### Problem description
A word-for-word transcription of the whole listing is required.

### Excerpted records
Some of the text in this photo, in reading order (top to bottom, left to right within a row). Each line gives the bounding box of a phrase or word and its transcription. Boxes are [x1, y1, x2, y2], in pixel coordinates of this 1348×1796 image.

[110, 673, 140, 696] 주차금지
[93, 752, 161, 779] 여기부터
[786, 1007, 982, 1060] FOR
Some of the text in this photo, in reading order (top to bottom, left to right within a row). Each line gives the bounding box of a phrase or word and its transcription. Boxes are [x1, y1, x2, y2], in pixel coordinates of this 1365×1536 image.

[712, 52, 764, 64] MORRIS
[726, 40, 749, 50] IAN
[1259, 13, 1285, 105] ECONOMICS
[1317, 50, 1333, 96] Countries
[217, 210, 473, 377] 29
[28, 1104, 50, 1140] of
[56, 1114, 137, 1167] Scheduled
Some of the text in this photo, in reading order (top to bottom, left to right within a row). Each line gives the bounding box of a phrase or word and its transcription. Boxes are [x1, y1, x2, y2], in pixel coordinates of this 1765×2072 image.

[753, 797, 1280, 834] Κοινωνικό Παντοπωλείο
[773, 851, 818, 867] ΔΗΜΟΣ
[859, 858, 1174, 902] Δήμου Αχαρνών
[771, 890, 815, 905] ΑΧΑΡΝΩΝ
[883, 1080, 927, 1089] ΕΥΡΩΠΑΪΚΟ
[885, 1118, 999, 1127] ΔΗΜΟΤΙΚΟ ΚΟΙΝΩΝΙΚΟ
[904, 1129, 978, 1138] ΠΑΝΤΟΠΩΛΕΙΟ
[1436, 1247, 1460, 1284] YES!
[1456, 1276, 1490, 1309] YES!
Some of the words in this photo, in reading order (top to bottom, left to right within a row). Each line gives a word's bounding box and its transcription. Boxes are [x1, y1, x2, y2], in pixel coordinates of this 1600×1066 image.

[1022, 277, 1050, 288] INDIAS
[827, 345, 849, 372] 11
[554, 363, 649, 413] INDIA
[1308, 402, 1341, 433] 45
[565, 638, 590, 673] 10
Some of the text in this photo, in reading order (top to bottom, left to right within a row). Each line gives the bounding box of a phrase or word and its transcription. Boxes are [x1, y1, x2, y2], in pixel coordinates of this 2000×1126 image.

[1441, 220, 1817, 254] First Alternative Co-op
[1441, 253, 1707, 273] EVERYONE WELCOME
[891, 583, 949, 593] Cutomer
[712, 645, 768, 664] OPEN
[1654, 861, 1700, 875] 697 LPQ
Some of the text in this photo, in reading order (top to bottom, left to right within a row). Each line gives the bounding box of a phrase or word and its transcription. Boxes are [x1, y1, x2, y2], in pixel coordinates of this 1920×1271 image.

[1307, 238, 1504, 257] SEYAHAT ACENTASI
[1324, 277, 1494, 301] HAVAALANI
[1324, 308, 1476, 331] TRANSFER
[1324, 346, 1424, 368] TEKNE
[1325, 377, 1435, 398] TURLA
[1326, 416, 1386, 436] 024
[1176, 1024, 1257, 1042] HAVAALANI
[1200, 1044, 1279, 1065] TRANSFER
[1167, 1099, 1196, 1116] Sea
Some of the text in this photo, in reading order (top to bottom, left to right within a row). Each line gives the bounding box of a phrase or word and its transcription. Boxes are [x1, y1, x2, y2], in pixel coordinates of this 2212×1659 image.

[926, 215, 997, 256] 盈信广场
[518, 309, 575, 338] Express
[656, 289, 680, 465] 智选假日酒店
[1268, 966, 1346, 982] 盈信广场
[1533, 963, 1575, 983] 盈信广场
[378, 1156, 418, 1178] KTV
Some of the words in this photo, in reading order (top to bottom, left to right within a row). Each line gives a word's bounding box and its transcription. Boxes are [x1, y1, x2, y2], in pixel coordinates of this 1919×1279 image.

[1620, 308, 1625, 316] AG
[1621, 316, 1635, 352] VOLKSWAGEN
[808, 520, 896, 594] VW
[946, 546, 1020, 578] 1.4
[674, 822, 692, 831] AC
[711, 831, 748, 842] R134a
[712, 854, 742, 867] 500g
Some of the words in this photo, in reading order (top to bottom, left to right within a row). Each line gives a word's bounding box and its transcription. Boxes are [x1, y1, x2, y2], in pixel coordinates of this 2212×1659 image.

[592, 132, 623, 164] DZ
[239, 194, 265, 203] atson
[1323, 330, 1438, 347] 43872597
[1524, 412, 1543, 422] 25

### Response for this exercise
Some of the text in this photo, in reading order (top to bottom, left to right within a row). Each line gives the bounding box of a phrase or word and its transcription. Boxes are [x1, y1, x2, y2], in pixel coordinates of this 1348×1796 image.

[110, 673, 140, 696] 주차금지
[93, 752, 161, 779] 여기부터
[786, 1007, 982, 1060] FOR
Some of the text in this photo, in reading order (top to bottom, left to right within a row). Each line gives the bounding box of a phrase or word and its transcription. Boxes are [x1, y1, x2, y2], in pixel coordinates of this 1365×1536 image.

[712, 52, 764, 64] MORRIS
[726, 40, 749, 50] IAN
[1259, 13, 1285, 105] ECONOMICS
[1317, 50, 1333, 96] Countries
[217, 210, 473, 377] 29
[28, 1104, 50, 1140] of
[56, 1114, 137, 1167] Scheduled
Some of the text in this photo, in reading order (top to bottom, left to right within a row). Each line gives the bounding box of a phrase or word and its transcription. Boxes are [x1, y1, x2, y2], in pixel coordinates of this 1765×2072 image.

[753, 797, 1280, 834] Κοινωνικό Παντοπωλείο
[773, 851, 818, 867] ΔΗΜΟΣ
[859, 858, 1174, 902] Δήμου Αχαρνών
[771, 890, 815, 905] ΑΧΑΡΝΩΝ
[883, 1080, 927, 1089] ΕΥΡΩΠΑΪΚΟ
[885, 1118, 999, 1127] ΔΗΜΟΤΙΚΟ ΚΟΙΝΩΝΙΚΟ
[904, 1129, 978, 1138] ΠΑΝΤΟΠΩΛΕΙΟ
[1436, 1247, 1460, 1284] YES!
[1456, 1276, 1490, 1309] YES!
Some of the words in this photo, in reading order (top to bottom, left to right within a row). Each line gives a word's bounding box and its transcription. Boxes are [x1, y1, x2, y2], in pixel coordinates of this 1600×1066 image.

[1022, 277, 1050, 288] INDIAS
[827, 345, 849, 372] 11
[554, 363, 649, 413] INDIA
[1308, 402, 1341, 433] 45
[565, 638, 590, 673] 10
Some of the text in this photo, in reading order (top to bottom, left to right within a row). Each line gives the bounding box of a phrase or word and its transcription. Boxes are [x1, y1, x2, y2], in pixel coordinates of this 2000×1126 image.

[1441, 220, 1817, 254] First Alternative Co-op
[1441, 253, 1707, 273] EVERYONE WELCOME
[891, 583, 949, 593] Cutomer
[712, 645, 768, 664] OPEN
[1654, 861, 1700, 875] 697 LPQ
Some of the text in this photo, in reading order (top to bottom, left to right within a row). Each line gives the bounding box of a phrase or word and its transcription. Boxes are [x1, y1, x2, y2], in pixel coordinates of this 1920×1271 image.

[1307, 238, 1504, 257] SEYAHAT ACENTASI
[1324, 277, 1494, 301] HAVAALANI
[1324, 308, 1476, 331] TRANSFER
[1324, 346, 1424, 368] TEKNE
[1325, 377, 1435, 398] TURLA
[1326, 416, 1386, 436] 024
[1176, 1024, 1257, 1042] HAVAALANI
[1200, 1044, 1279, 1065] TRANSFER
[1167, 1099, 1196, 1116] Sea
Some of the text in this photo, in reading order (top to bottom, left to right within a row). Each line gives the bounding box of a phrase or word and its transcription. Boxes are [x1, y1, x2, y2], in pixel coordinates of this 2212×1659 image.

[926, 215, 997, 256] 盈信广场
[518, 309, 575, 338] Express
[656, 289, 680, 465] 智选假日酒店
[1268, 966, 1346, 982] 盈信广场
[1533, 963, 1575, 983] 盈信广场
[378, 1156, 418, 1178] KTV
Some of the words in this photo, in reading order (top to bottom, left to right within a row). Each line gives a word's bounding box and its transcription. Boxes are [x1, y1, x2, y2], in pixel coordinates of this 1919×1279 image.

[1620, 308, 1625, 316] AG
[1621, 316, 1635, 352] VOLKSWAGEN
[808, 520, 896, 594] VW
[946, 546, 1020, 578] 1.4
[674, 822, 692, 831] AC
[711, 831, 748, 842] R134a
[712, 854, 742, 867] 500g
Some of the words in this photo, in reading order (top to bottom, left to right within a row). Each line gives a word's bounding box and its transcription. Boxes are [x1, y1, x2, y2], in pixel coordinates of this 2212×1659 image.

[592, 132, 623, 164] DZ
[239, 194, 265, 203] atson
[1323, 330, 1438, 347] 43872597
[1524, 412, 1543, 422] 25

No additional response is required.